Exercise aim: Retype the entries in full.

------------------------------------------------

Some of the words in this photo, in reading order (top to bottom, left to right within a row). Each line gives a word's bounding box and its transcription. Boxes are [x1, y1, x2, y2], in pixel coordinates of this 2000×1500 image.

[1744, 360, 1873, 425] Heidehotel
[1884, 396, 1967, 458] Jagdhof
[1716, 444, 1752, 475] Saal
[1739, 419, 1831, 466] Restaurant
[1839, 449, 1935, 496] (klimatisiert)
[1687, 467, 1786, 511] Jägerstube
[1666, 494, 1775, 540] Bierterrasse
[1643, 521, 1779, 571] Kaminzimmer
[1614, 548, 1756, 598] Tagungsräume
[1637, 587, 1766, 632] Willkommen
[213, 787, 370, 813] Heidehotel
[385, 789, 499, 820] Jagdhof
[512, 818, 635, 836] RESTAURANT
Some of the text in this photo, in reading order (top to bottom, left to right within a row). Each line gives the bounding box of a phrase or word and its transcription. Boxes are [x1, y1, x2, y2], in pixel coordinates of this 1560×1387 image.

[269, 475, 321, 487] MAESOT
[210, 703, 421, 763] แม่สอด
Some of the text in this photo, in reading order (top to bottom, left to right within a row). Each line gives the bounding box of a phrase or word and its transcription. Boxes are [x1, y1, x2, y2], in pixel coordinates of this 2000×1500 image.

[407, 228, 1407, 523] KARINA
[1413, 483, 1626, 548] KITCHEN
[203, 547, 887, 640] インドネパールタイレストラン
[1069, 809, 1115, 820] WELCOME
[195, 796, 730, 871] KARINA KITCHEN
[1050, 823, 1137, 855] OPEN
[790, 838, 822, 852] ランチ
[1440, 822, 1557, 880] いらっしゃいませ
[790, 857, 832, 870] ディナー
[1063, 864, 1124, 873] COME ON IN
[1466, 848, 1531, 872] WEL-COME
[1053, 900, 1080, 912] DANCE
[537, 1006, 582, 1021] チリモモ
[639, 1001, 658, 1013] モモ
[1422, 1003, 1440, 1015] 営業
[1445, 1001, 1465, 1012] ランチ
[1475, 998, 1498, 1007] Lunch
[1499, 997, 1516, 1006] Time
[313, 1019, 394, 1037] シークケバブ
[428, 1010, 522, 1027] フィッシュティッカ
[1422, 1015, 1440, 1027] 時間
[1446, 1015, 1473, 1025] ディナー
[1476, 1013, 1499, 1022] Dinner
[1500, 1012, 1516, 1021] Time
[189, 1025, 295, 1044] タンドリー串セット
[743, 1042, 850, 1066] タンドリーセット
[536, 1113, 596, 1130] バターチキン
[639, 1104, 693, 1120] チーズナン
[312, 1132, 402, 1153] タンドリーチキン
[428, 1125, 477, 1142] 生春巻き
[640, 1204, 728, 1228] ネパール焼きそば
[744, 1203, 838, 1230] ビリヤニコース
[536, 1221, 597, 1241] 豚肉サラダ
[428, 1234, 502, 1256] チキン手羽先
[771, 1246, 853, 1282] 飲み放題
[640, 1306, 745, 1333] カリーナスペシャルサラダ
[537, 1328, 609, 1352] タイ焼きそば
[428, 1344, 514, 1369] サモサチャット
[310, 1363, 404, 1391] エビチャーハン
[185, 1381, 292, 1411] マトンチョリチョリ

------------------------------------------------

Response for this exercise:
Some of the words in this photo, in reading order (top to bottom, left to right within a row). Each line gives a word's bounding box and its transcription. Boxes are [x1, y1, x2, y2], in pixel coordinates of this 2000×1500 image.

[1744, 360, 1873, 425] Heidehotel
[1884, 396, 1967, 458] Jagdhof
[1716, 444, 1752, 475] Saal
[1739, 419, 1831, 466] Restaurant
[1839, 449, 1935, 496] (klimatisiert)
[1687, 467, 1786, 511] Jägerstube
[1666, 494, 1775, 540] Bierterrasse
[1643, 521, 1779, 571] Kaminzimmer
[1614, 548, 1756, 598] Tagungsräume
[1637, 587, 1766, 632] Willkommen
[213, 787, 370, 813] Heidehotel
[385, 789, 499, 820] Jagdhof
[512, 818, 635, 836] RESTAURANT
Some of the text in this photo, in reading order (top to bottom, left to right within a row). Each line gives the bounding box of a phrase or word and its transcription. Boxes are [x1, y1, x2, y2], in pixel coordinates of this 1560×1387 image.

[269, 475, 321, 487] MAESOT
[210, 703, 421, 763] แม่สอด
Some of the text in this photo, in reading order (top to bottom, left to right within a row). Each line gives the bounding box of a phrase or word and its transcription. Boxes are [x1, y1, x2, y2], in pixel coordinates of this 2000×1500 image.

[407, 228, 1407, 523] KARINA
[1413, 483, 1626, 548] KITCHEN
[203, 547, 887, 640] インドネパールタイレストラン
[1069, 809, 1115, 820] WELCOME
[195, 796, 730, 871] KARINA KITCHEN
[1050, 823, 1137, 855] OPEN
[790, 838, 822, 852] ランチ
[1440, 822, 1557, 880] いらっしゃいませ
[790, 857, 832, 870] ディナー
[1063, 864, 1124, 873] COME ON IN
[1466, 848, 1531, 872] WEL-COME
[1053, 900, 1080, 912] DANCE
[537, 1006, 582, 1021] チリモモ
[639, 1001, 658, 1013] モモ
[1422, 1003, 1440, 1015] 営業
[1445, 1001, 1465, 1012] ランチ
[1475, 998, 1498, 1007] Lunch
[1499, 997, 1516, 1006] Time
[313, 1019, 394, 1037] シークケバブ
[428, 1010, 522, 1027] フィッシュティッカ
[1422, 1015, 1440, 1027] 時間
[1446, 1015, 1473, 1025] ディナー
[1476, 1013, 1499, 1022] Dinner
[1500, 1012, 1516, 1021] Time
[189, 1025, 295, 1044] タンドリー串セット
[743, 1042, 850, 1066] タンドリーセット
[536, 1113, 596, 1130] バターチキン
[639, 1104, 693, 1120] チーズナン
[312, 1132, 402, 1153] タンドリーチキン
[428, 1125, 477, 1142] 生春巻き
[640, 1204, 728, 1228] ネパール焼きそば
[744, 1203, 838, 1230] ビリヤニコース
[536, 1221, 597, 1241] 豚肉サラダ
[428, 1234, 502, 1256] チキン手羽先
[771, 1246, 853, 1282] 飲み放題
[640, 1306, 745, 1333] カリーナスペシャルサラダ
[537, 1328, 609, 1352] タイ焼きそば
[428, 1344, 514, 1369] サモサチャット
[310, 1363, 404, 1391] エビチャーハン
[185, 1381, 292, 1411] マトンチョリチョリ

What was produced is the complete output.